Now it appears that this will become a reality, providing that the COVID-19 pandemic does not become worse in the UK in the next month or so. The Independent article from which this story originally broke stipulates that:
“the government’s plan will only be possible if sufficient progress is made in limiting the spread of the virus between now and 1 June.”
Given the UK government’s willingness to publicize this plan however, sufficient progress in this sense seems likely.
Even with official government backing, the Premier League’s plan to restart is not without potential problems. Neutral stadiums are seen by many as essential for resuming games to prevent supporters from congregating before or after matches, yet not all clubs are happy with this plan. Brighton and Hove Albion Chief Executive Paul Barber has been vocal in his questioning of why neutral venues would be necessary.
“Personally, I would back my own staff to make our stadium operationally safe and secure,” he told the Mirror. “I would back us to do that and I back our fans and trust our fans to stay away. I would be very comfortable with that scenario.” Ironically, Brighton’s Amex Stadium is one of the stadiums being suggested as a neutral venue.
Barber is not alone in voicing concerns, as a number of clubs that currently sit in the bottom half of the Premier League table have also raised questions. Most are worried that the lack of home-field advantage would jeopardize their chances of avoiding relegation and remaining in the Premier League next season. This has led to a number of clubs petitioning the government to allow play to resume without the use of neutral venues, while others are hoping relegation to be scrapped entirely if neutral venues are to be used.
Then there are of course health concerns for the players if the season is to resume. Manchester City’s Sergio Aguero has been one of the most vocal about his concerns over the health of himself and other players, telling El Chiringuito TV that he fears for the health of his family.
“The majority of players are scared because they have family, they have children, they have babies,” he said. “The moment someone feels ill, you will think: ‘What’s gone on there?’ It does scare me.”

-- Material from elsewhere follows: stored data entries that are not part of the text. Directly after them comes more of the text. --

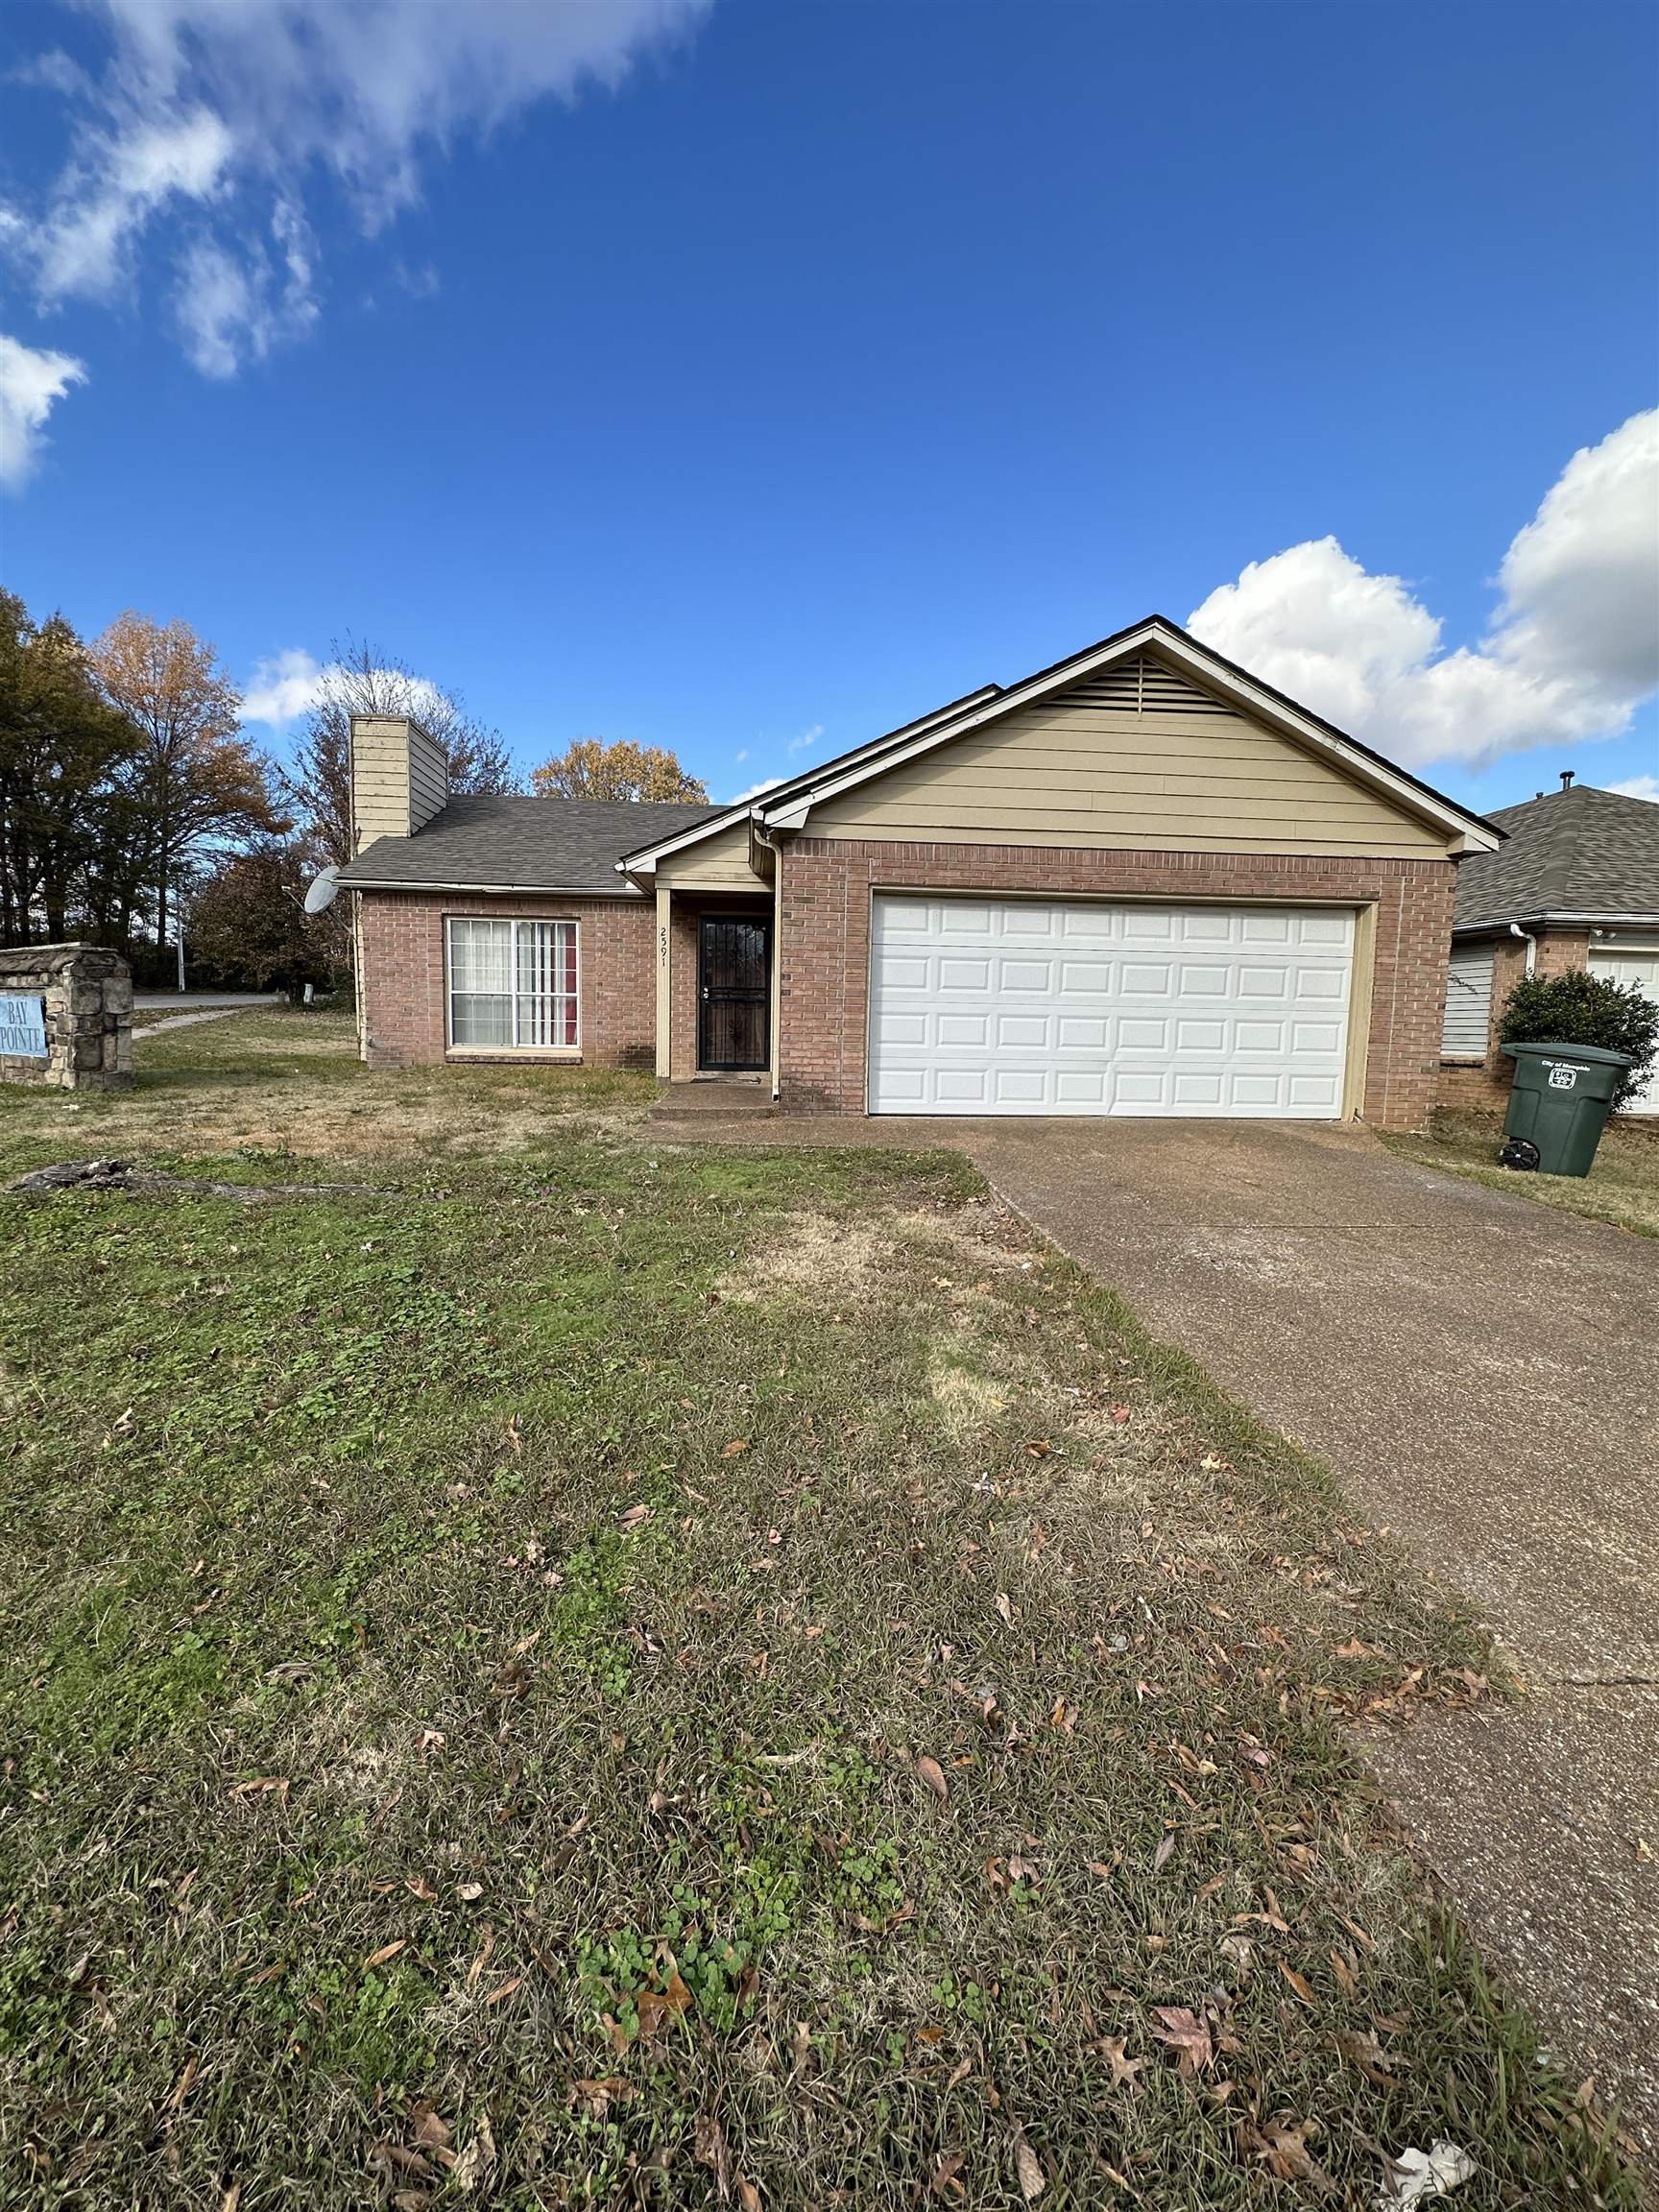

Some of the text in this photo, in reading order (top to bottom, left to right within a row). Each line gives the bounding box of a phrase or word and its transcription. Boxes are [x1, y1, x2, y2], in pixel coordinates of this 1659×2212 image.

[8, 1001, 27, 1024] BAY
[0, 1026, 41, 1051] POINTE
[1541, 1059, 1554, 1068] City
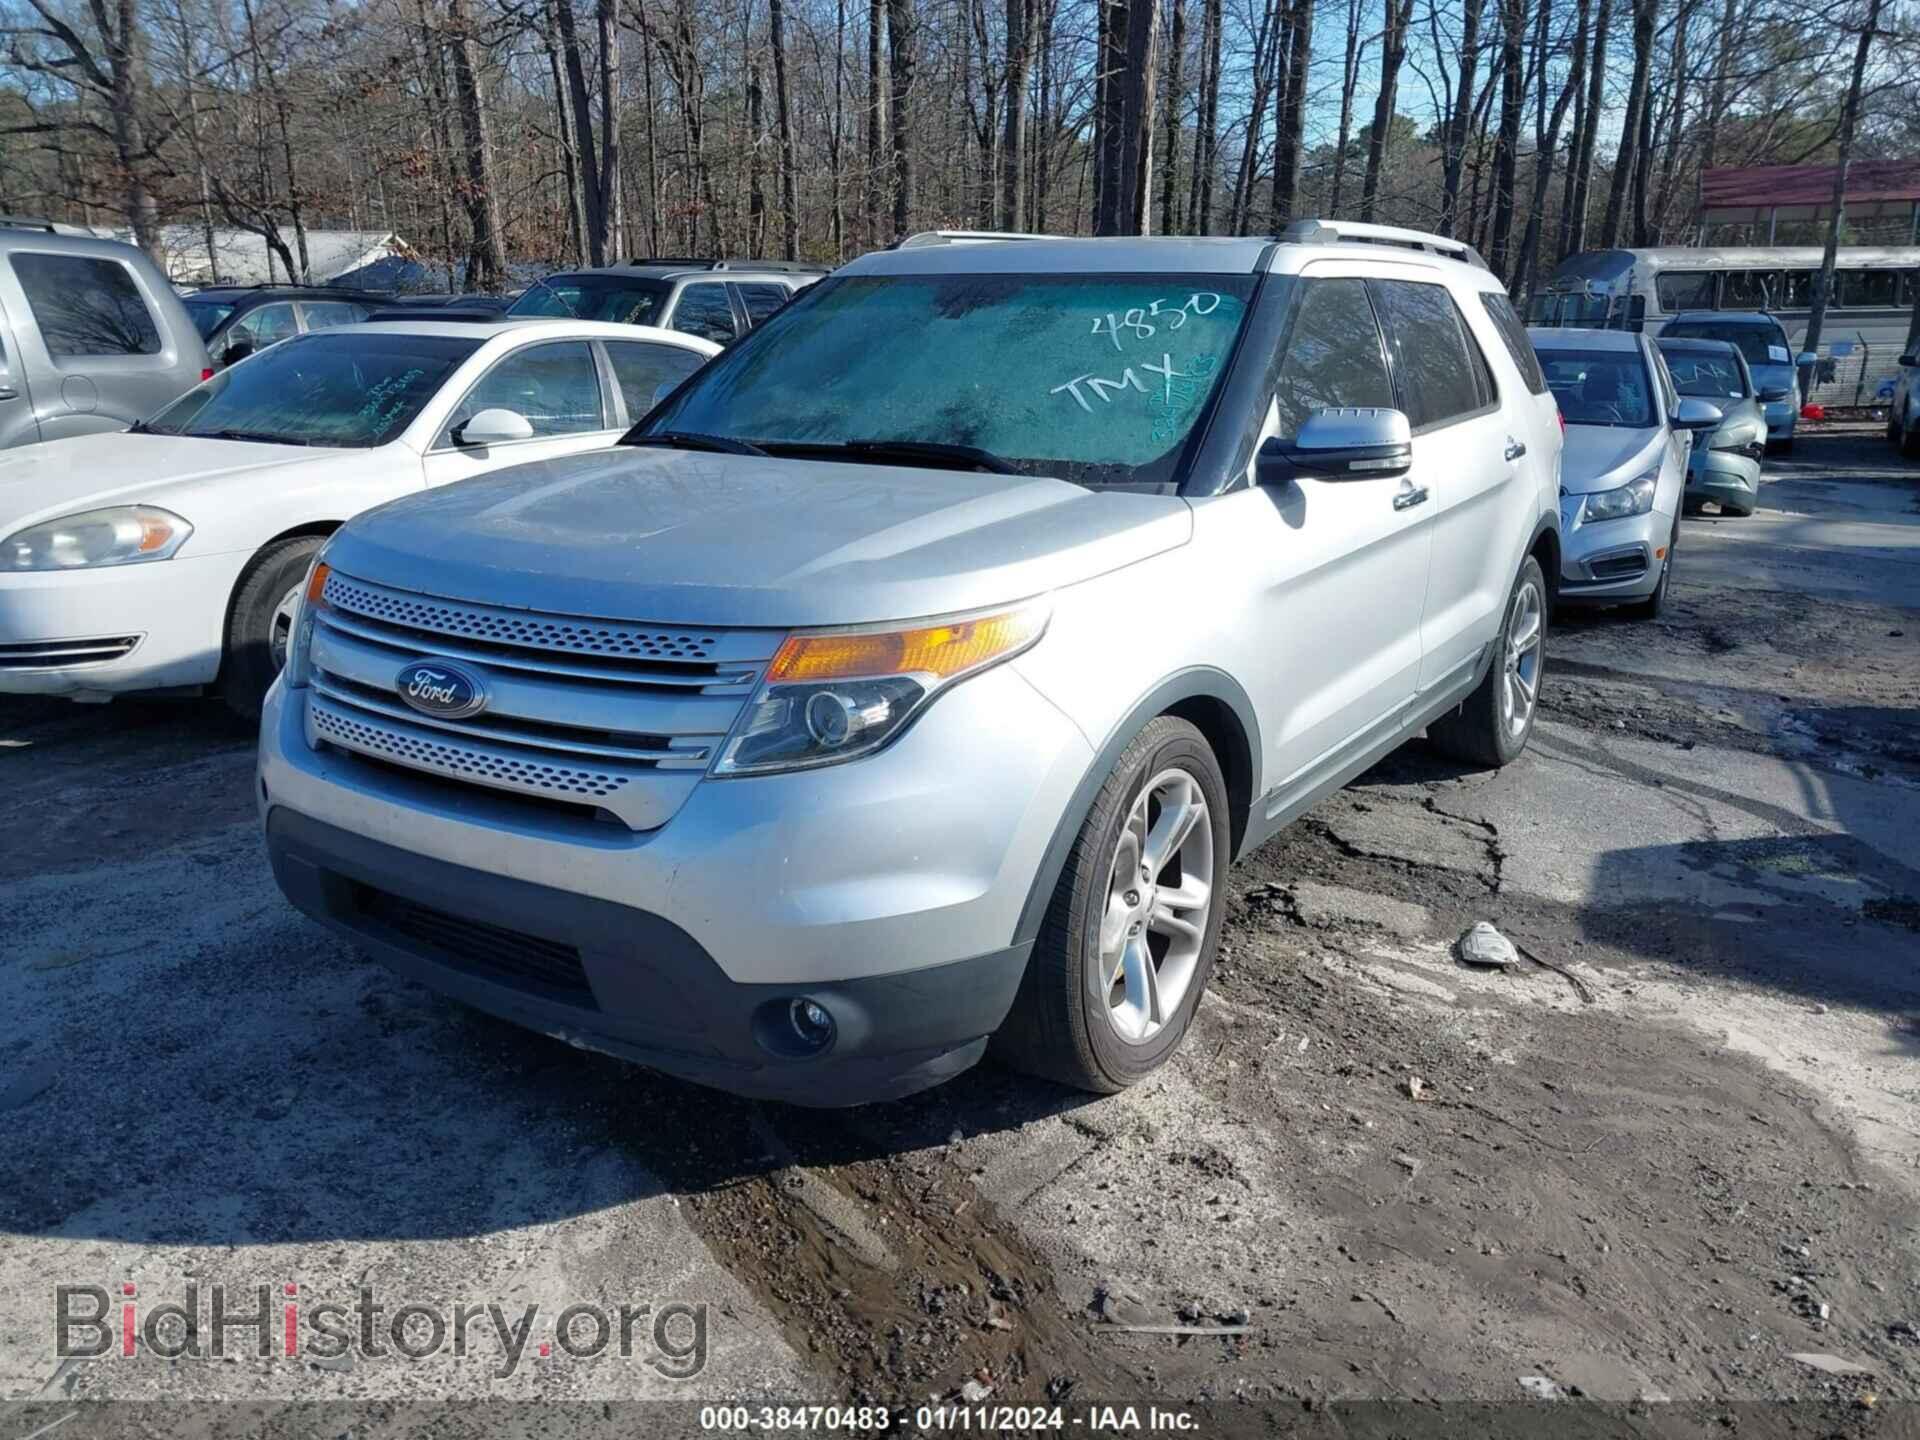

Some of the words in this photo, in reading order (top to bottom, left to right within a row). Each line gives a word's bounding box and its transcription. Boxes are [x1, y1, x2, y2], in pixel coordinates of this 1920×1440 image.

[1091, 292, 1221, 351] 4850
[1050, 353, 1190, 414] TMX
[408, 668, 458, 704] Ford
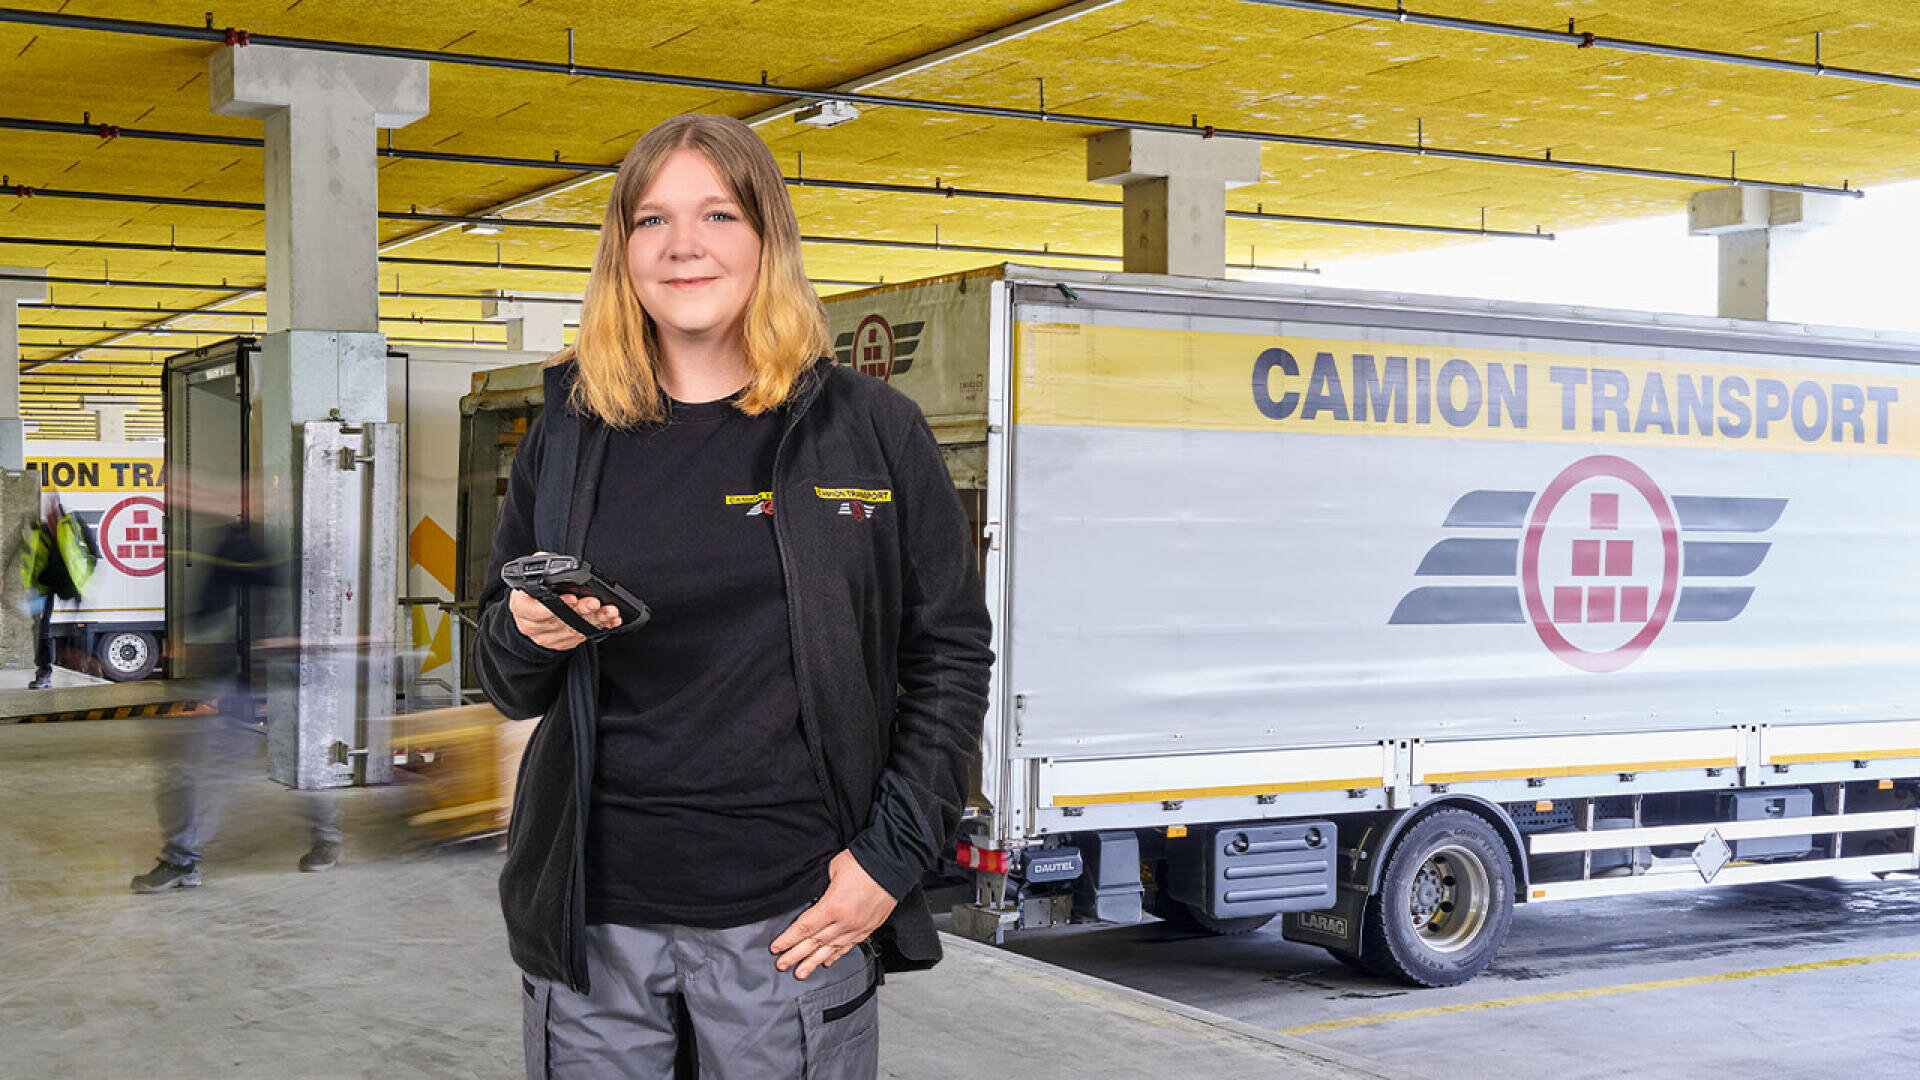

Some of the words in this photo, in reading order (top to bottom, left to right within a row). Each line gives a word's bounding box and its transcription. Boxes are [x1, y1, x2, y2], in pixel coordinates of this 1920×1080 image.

[1252, 347, 1527, 429] CAMION
[1550, 365, 1898, 444] TRANSPORT
[26, 462, 99, 487] ION
[1034, 861, 1075, 874] DAUTEL
[1301, 912, 1345, 935] LARAG

Needless to say, many details of “Project Restart” still need to be worked out. However, this government announcement has given a huge boost to the plan as a whole, as well as to some individual clubs. Liverpool, who currently hold a 25 point lead at the top of the table, need only two wins to secure their first title in 30 years. Manchester United, Wolves, and Sheffield United are among the clubs for whom a restart would allow them to continue challenging for a Champions League position, while 3rd place Leicester City would hope a restart gives them an opportunity to finish their phenomenal season.